● **What to do**:
Set out the records below again exactly; skip the images.

##########

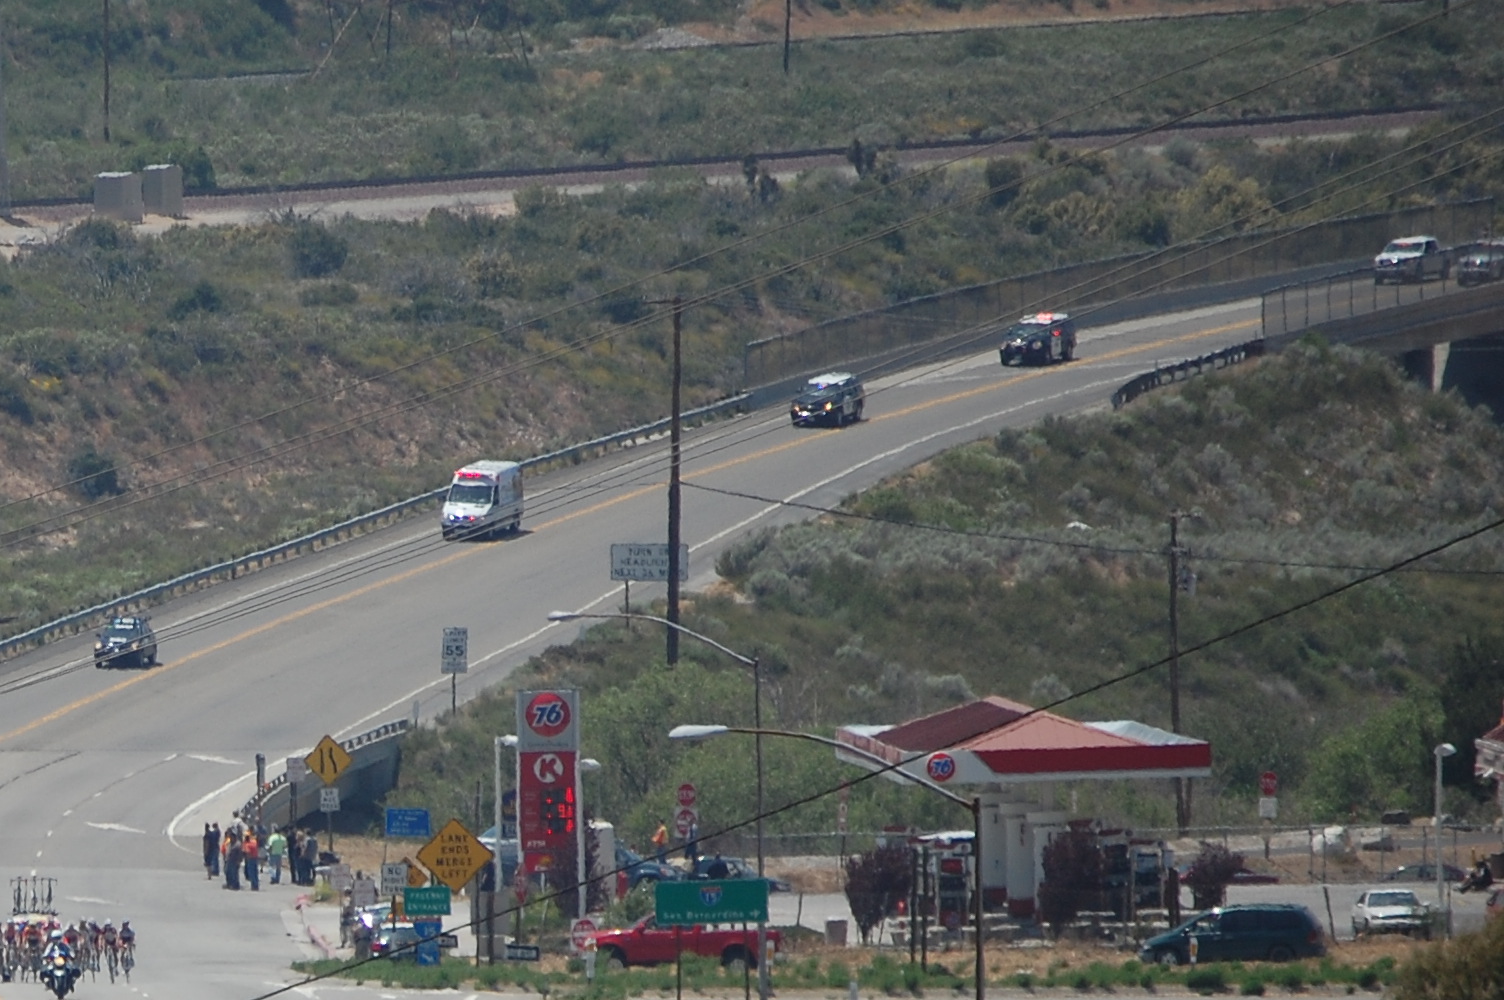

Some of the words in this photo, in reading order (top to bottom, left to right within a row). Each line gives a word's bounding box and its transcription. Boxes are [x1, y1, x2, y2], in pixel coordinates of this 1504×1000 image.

[446, 645, 464, 656] 55
[532, 702, 564, 727] 76
[539, 758, 557, 778] K
[930, 758, 952, 776] 76
[441, 834, 468, 843] LANE
[441, 845, 470, 854] ENDS
[436, 857, 473, 866] MERGE
[441, 869, 468, 878] LEFT
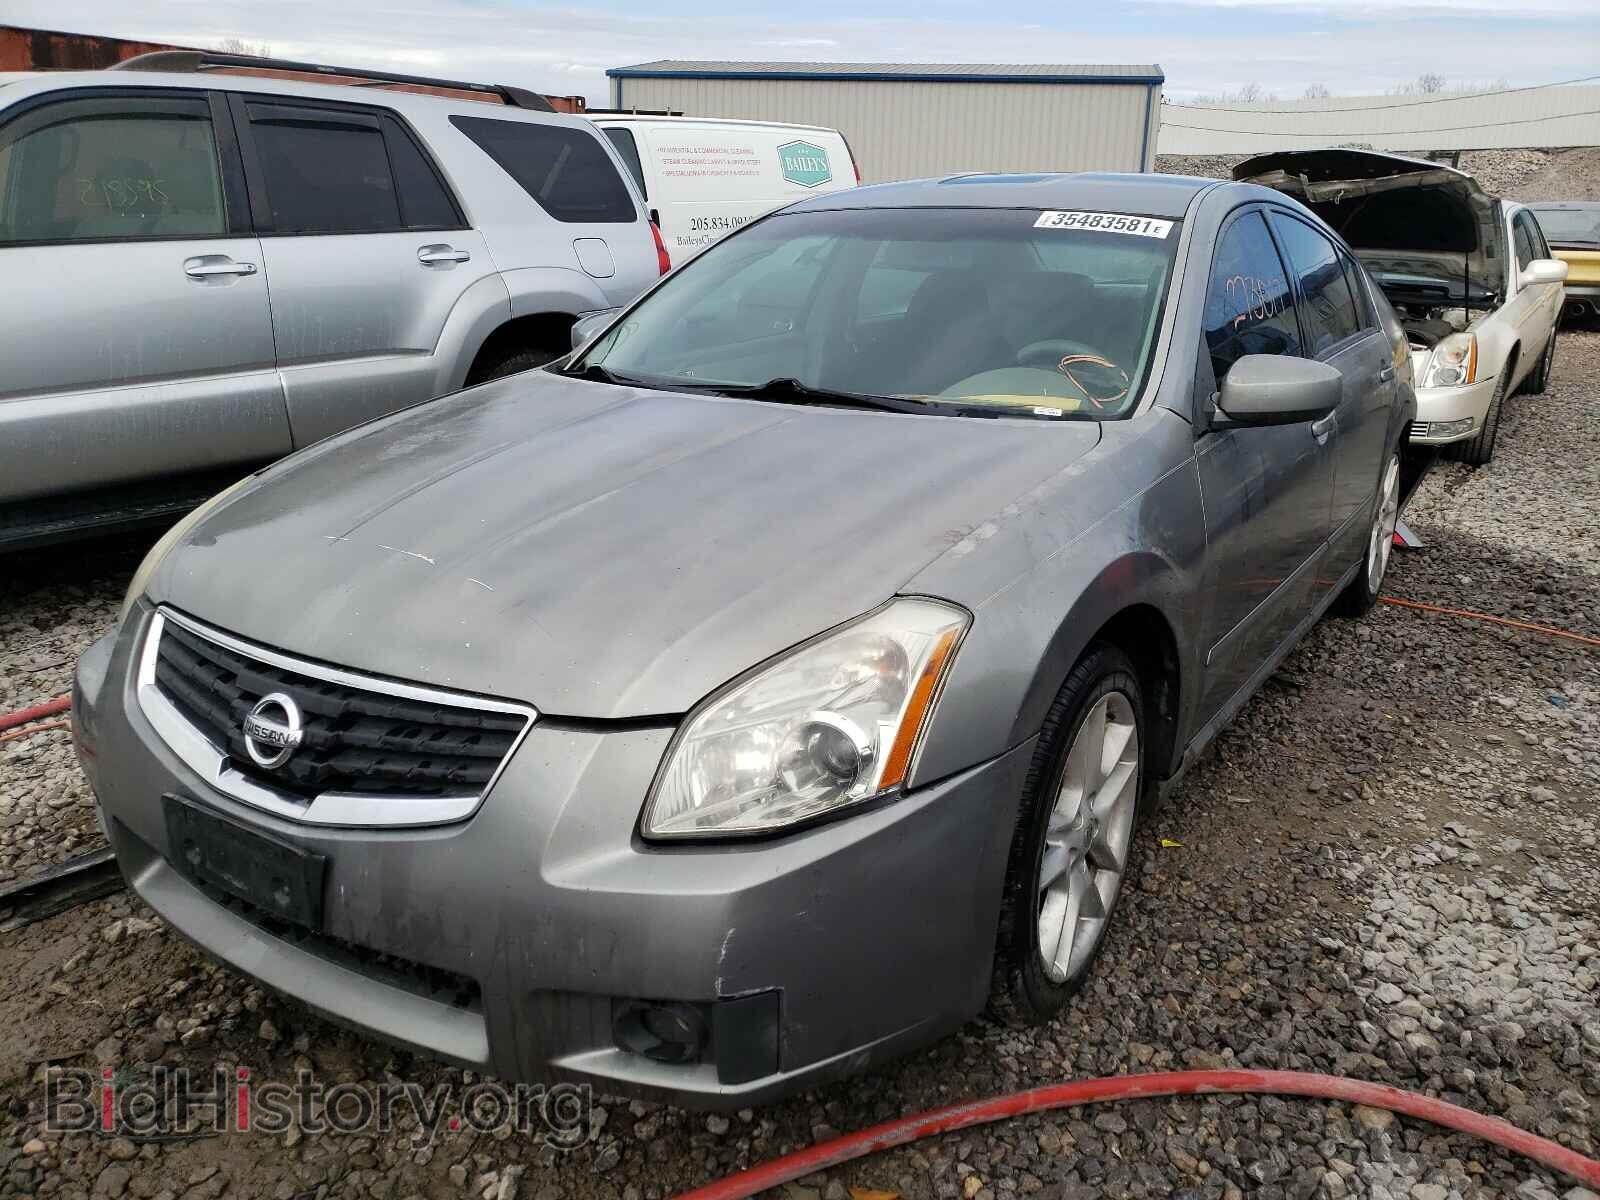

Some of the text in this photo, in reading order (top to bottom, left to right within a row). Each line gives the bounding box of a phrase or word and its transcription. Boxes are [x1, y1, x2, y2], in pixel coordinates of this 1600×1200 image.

##########

● **Exercise result**:
Some of the words in this photo, in reading order (top to bottom, left to right within a row). Each line gives a word's bounding box and its transcription. Boxes are [x1, y1, x2, y2], in pixel coordinates of this 1504×1000 image.

[446, 645, 464, 656] 55
[532, 702, 564, 727] 76
[539, 758, 557, 778] K
[930, 758, 952, 776] 76
[441, 834, 468, 843] LANE
[441, 845, 470, 854] ENDS
[436, 857, 473, 866] MERGE
[441, 869, 468, 878] LEFT

Some of the text in this photo, in reading order (top to bottom, left to right within a row). Each line gives the bounding box of a phrase or word and its transcription. Boxes are [x1, y1, x2, y2], in pixel coordinates of this 1600×1200 image.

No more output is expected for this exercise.